(Image-backed grounding data)

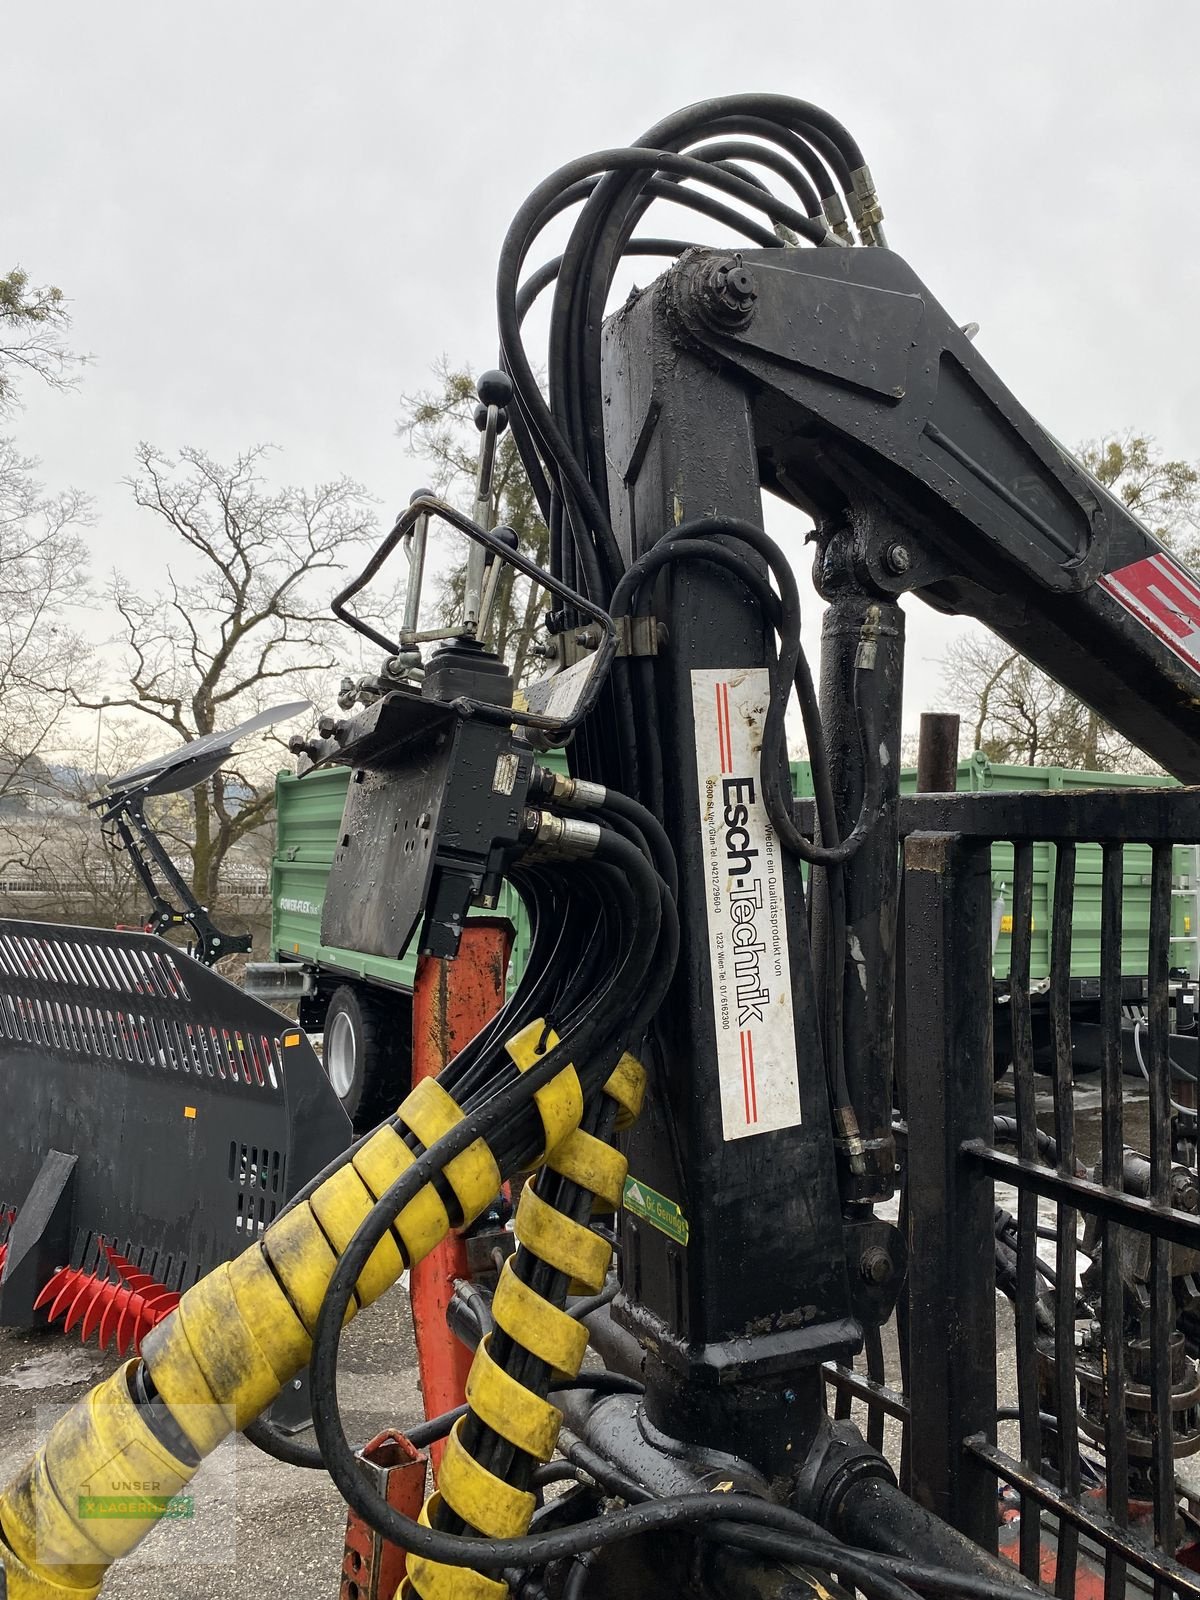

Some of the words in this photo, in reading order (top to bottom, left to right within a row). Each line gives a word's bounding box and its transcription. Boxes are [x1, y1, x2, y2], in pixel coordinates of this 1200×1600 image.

[705, 780, 714, 799] 9300
[763, 823, 774, 857] Wieder
[766, 860, 775, 874] ein
[768, 877, 782, 956] Qualitätsprodukt
[716, 932, 724, 949] 1232
[774, 959, 782, 976] von
[719, 985, 729, 1029] 01/6162300

Assignment » Word for word, repeat the data above with the pictures left out.

Solved exercise »
Some of the words in this photo, in reading order (top to bottom, left to right within a row). Each line gives a word's bounding box and its transcription. Boxes are [x1, y1, x2, y2], in pixel coordinates of this 1200×1600 image.

[705, 780, 714, 799] 9300
[763, 823, 774, 857] Wieder
[766, 860, 775, 874] ein
[768, 877, 782, 956] Qualitätsprodukt
[716, 932, 724, 949] 1232
[774, 959, 782, 976] von
[719, 985, 729, 1029] 01/6162300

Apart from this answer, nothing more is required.